05 October 2013

Free Range?

Free Range Eggs

An article in the Sydney Morning Herald a few days ago got me thinking. I don't actually read the newspaper or watch the news on TV. I call it the bad news. I'll never forget an interview I heard once with a psychologist who was not surprised at the the number of people who struggle through their day having been woken by their clock radio telling them all the bad things that are happening in the world.

Wow I can see how people can digress in this blog thing.

What are Free Range Eggs?

I should have the answers. Some of the facts are relatively simple:

Certified Organic eggs are always free range. Something that I find people still don't understand. There are 7 different certifiers and logos in Australia.

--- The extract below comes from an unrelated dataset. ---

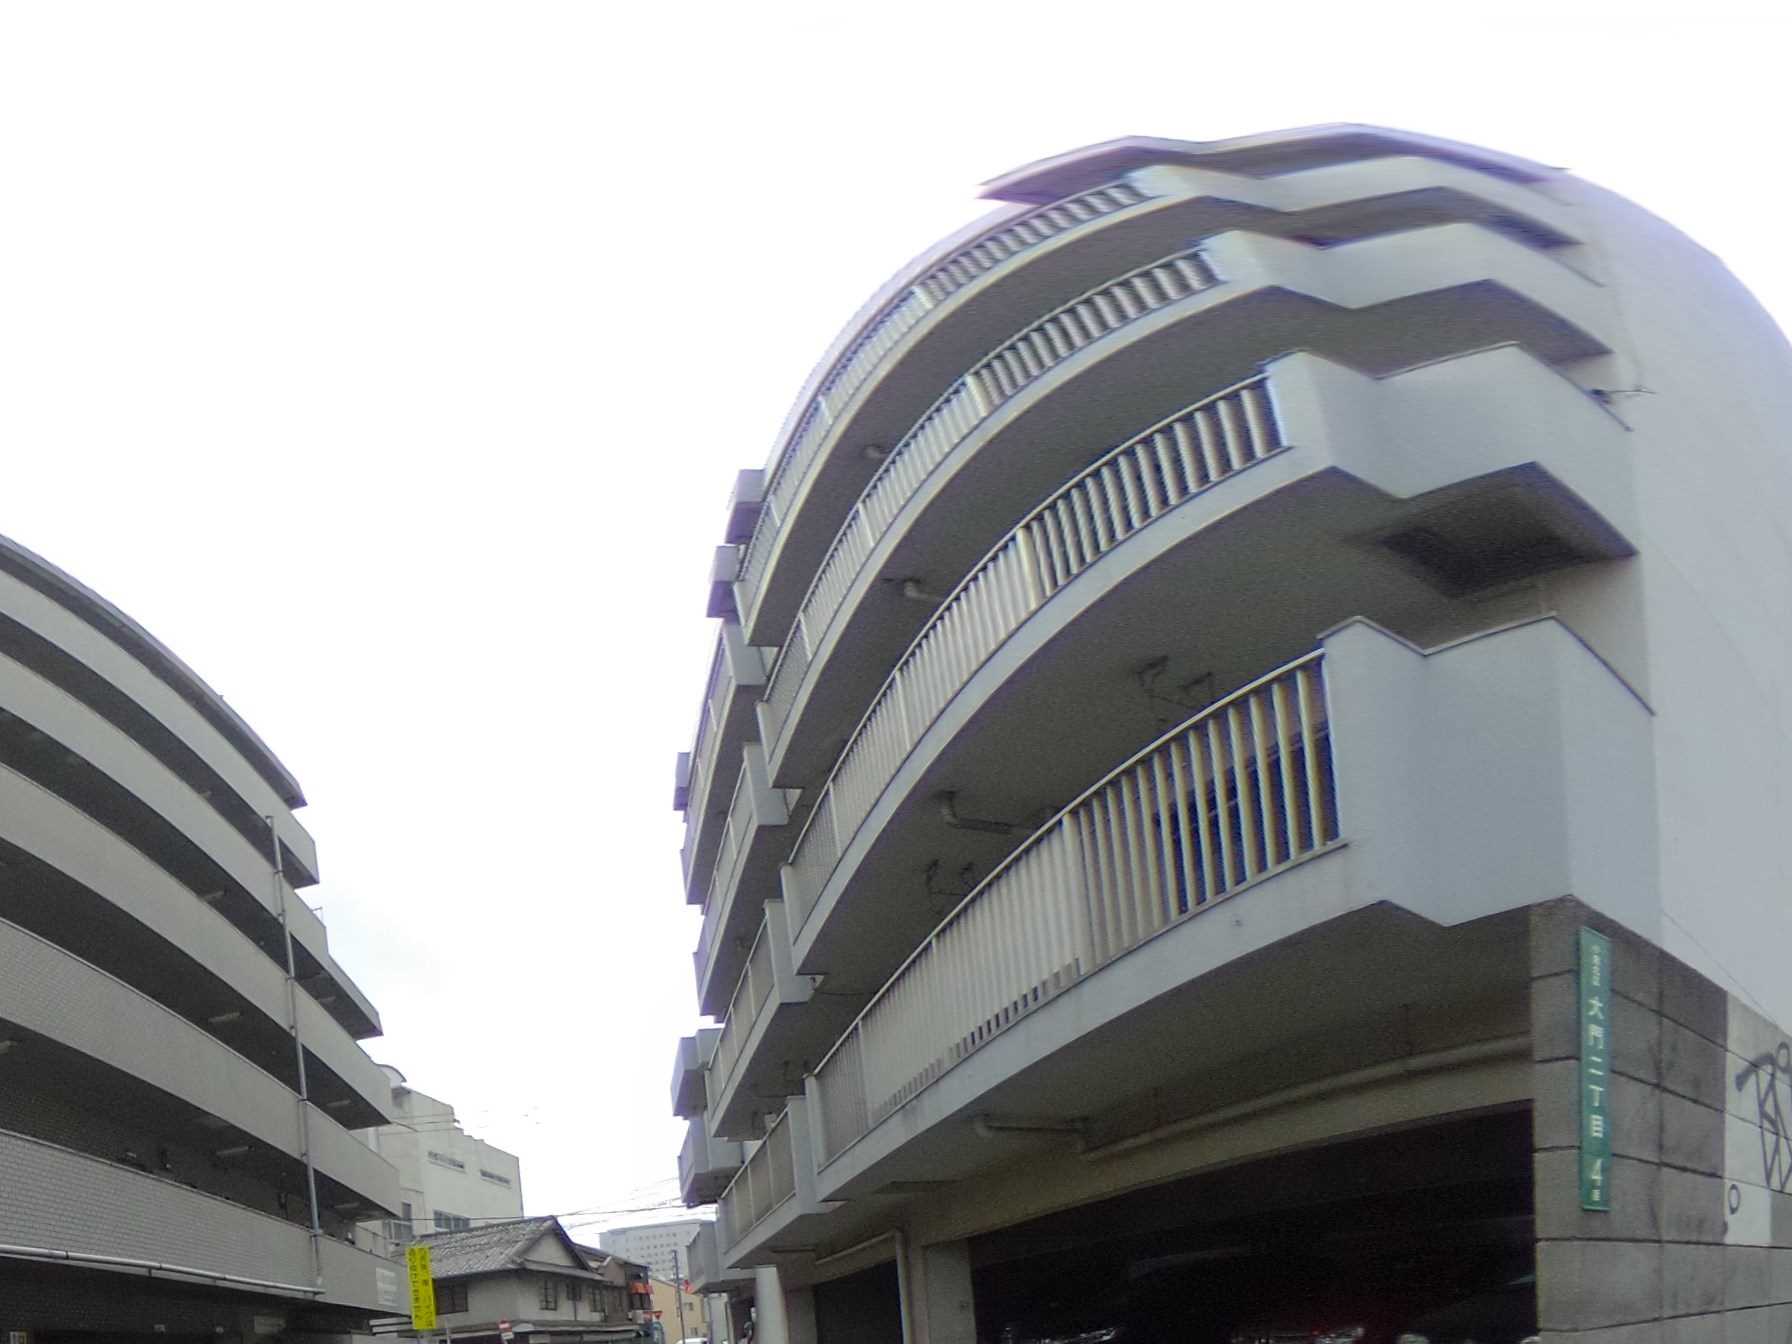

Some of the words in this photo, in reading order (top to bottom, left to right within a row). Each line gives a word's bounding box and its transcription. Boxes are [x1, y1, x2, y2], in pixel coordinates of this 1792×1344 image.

[1588, 996, 1604, 1138] 大門二丁目
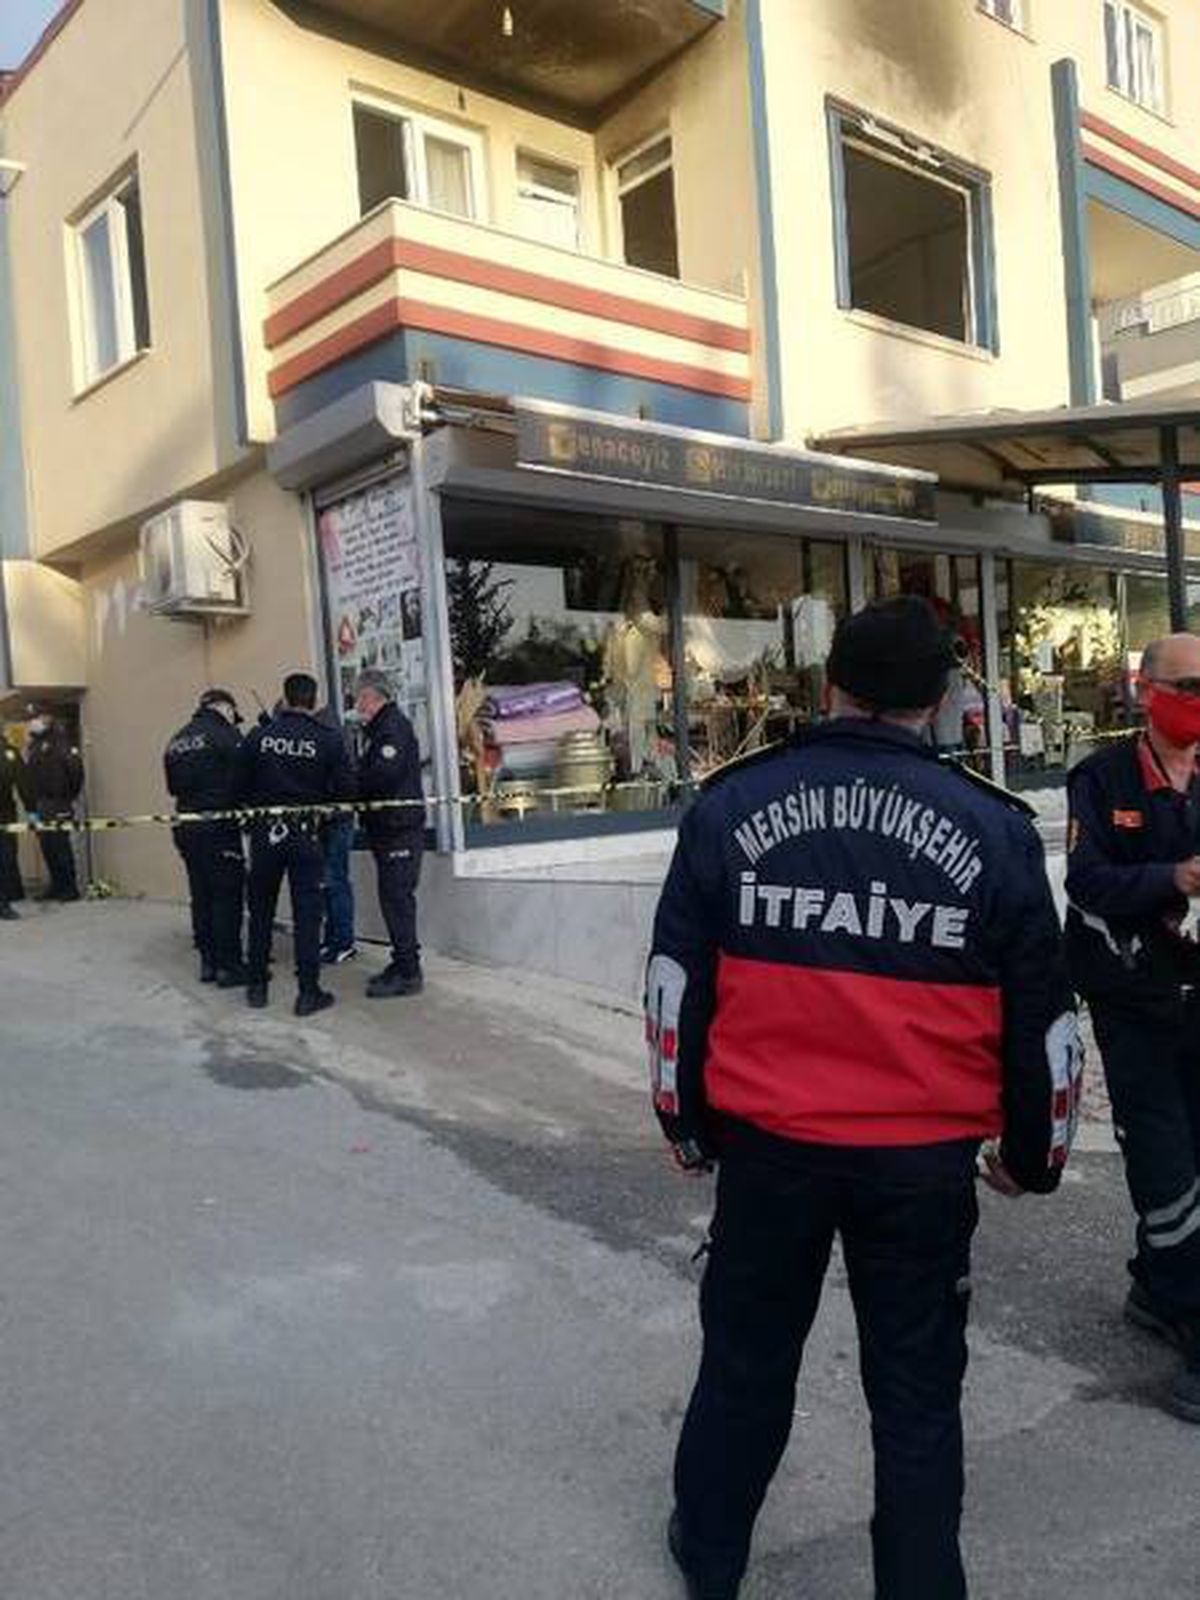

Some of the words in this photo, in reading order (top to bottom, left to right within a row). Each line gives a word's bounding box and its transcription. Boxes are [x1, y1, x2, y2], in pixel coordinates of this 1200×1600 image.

Free Range Farmers Association , FREPA , Humane Choice, and others have strict regulations limiting numbers between 750 to 1500 hens per hectare. Check the Sustainable Table's site for a good comparison table.

Stocking rate is important but doesn't actually take into account grazing management.

Certified Organic producers are independently audited and inspected every year. As for the others, it's not so clear.

Eggs that say Free Range but don't have any Accreditation Logo could be anything.

But even these facts aren't that simple to find, or to understand, and I'll admit I might not even have the facts all right, and I am an egg farmer.

No wonder the consumers are bewildered and choice has made a super complaint (great name) about the situation.

Understandably producers are scrambling to identify themselves, with new labels such as Pasture Ranged Organic, and Beyond Organic. But I'm not sure if this helps or just adds to the confusion. I mean what exactly is beyond organic anyway?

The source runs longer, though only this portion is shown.